Nihon Seirigaku Zasshi. 1990;52(11):363-73.
Effects of NaF on the synaptic transmission of bullfrog sympathetic ganglia were studied by extra- and intracellular recordings. The results obtained were as follows: 1) The amplitude of the orthodromic compound action potential (CAP) evoked by preganglionic nerve stimulation was remarkably augmented with 10 microM NaF, whereas that of the antidromic CAPs remained unchanged with the same dose of NaF. The low amplitude of the orthodromic CAP which was diminished by a low-Ca2(+)-ringer's solution reversed with an additional administration of NaF. The amplitudes of the orthodromic CAPs were enhanced by phosphodiesterase inhibitors such as isobutylmethylxanthine, theophylline, and physostigmine. In addition, augmentation of the orthodromic CAPs was induced by an adenylate cyclase activator (forskolin) and d.b-cAMP; however, its augmented responses were not affected by an additional administration of NaF. 2) In the intracellular recording, NaF showed no effect on the resting membrane potential and depolarizing response induced by acetylcholine. However, the EPSP appearing in the phase of afterhyperpolarization of the orthodromic action potential was significantly increased by NaF, whereas no effect was found on the antidromic action potential. In order to evaluate these findings, effects of NaF on the decreased low-Ca2(+)-action potential were observed. After application of NaF, the low-Ca2(+)-orthodromic EPSPs were reversed, and when the height of the EPSP was raised to the critical firing level, a spike potential was driven in the cell. These facts suggest that the site of NaF action seems to exist in the presynaptic rather than postsynaptic process. Furthermore, it suggests that NaF probably acts on Gs-protein which activates adenylate cyclase at the presynaptic membrane.

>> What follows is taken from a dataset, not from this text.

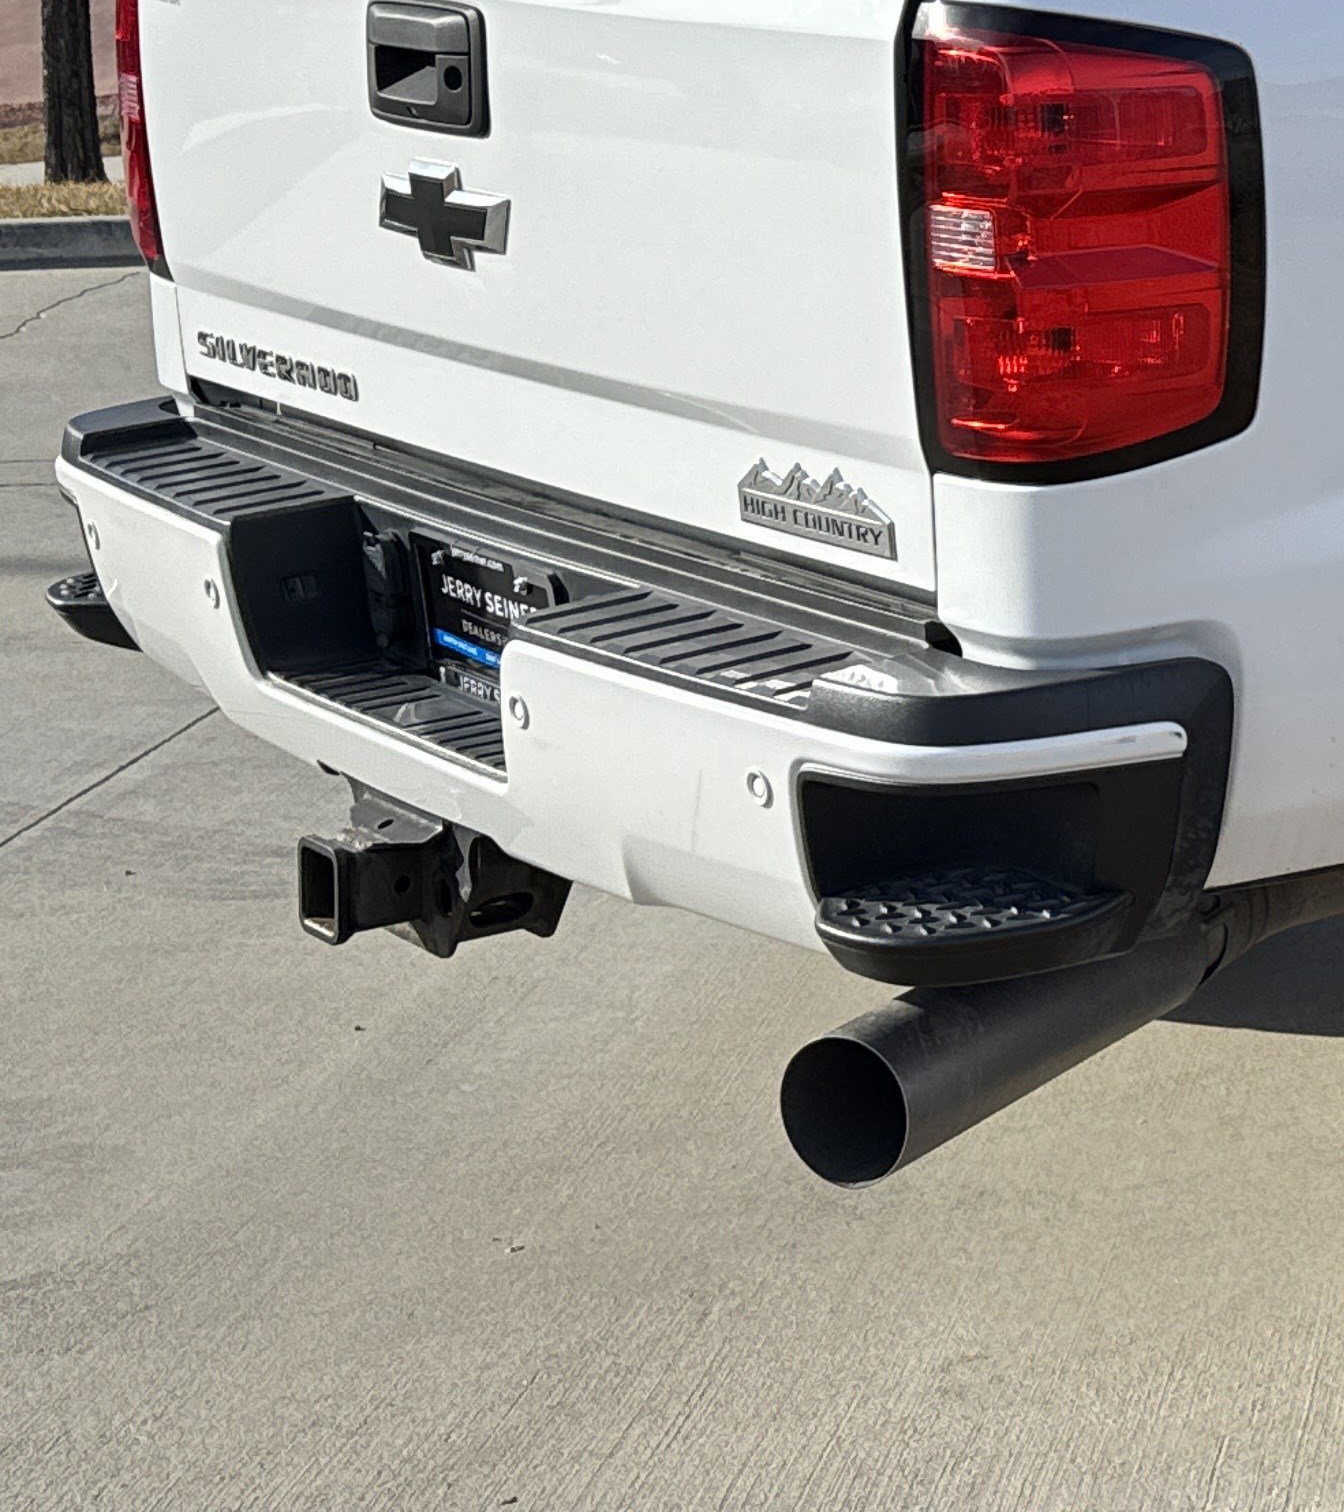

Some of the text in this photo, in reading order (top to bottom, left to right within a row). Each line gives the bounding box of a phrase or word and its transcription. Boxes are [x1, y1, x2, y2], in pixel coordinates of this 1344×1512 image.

[197, 330, 359, 403] SILVERADO
[743, 495, 883, 546] HIGH COUNTRY
[441, 573, 482, 608] JERRY

This resulted in a great increase in intracellular cAMP at the synaptic terminal and it triggered the Ca2(+)-increase. As an inevitable consequence, release of transmitter from the nerve terminals of the frog sympathetic ganglion was finally facilitated. These factors supposedly resulted in augmentation of the amplitude of the orthodromic CAP.
通过细胞外和细胞内记录研究了氟化钠对牛蛙交感神经节突触传递的影响。获得的结果如下:1)用10微摩尔的氟化钠时,节前神经刺激诱发的顺向复合动作电位(CAP)的幅度显著增大,而相同剂量的氟化钠对逆向CAP的幅度没有影响。低钙林格氏液降低的顺向CAP的低幅度,在额外给予氟化钠后逆转。顺向CAP的幅度被磷酸二酯酶抑制剂如异丁基甲基黄嘌呤、茶碱和毒扁豆碱增强。此外,腺苷酸环化酶激活剂(福斯高林)和二丁酰环磷腺苷(d.b-cAMP)可诱导顺向CAP增大;然而,其增大的反应不受额外给予氟化钠的影响。2)在细胞内记录中,氟化钠对静息膜电位和乙酰胆碱诱导的去极化反应没有影响。然而,氟化钠使顺向动作电位后超极化阶段出现的兴奋性突触后电位(EPSP)显著增加,而对逆向动作电位没有影响。为了评估这些发现,观察了氟化钠对降低的低钙动作电位的影响。应用氟化钠后,低钙顺向EPSP逆转,当EPSP的幅度升高到临界发放水平时,细胞中引发了一个锋电位。这些事实表明,氟化钠的作用位点似乎存在于突触前而非突触后过程中。此外,这表明氟化钠可能作用于突触前膜上激活腺苷酸环化酶的Gs蛋白。这导致突触末端细胞内cAMP大量增加,并引发钙离子增加。作为必然结果,最终促进了蛙交感神经节神经末梢递质的释放。这些因素可能导致顺向CAP幅度增大。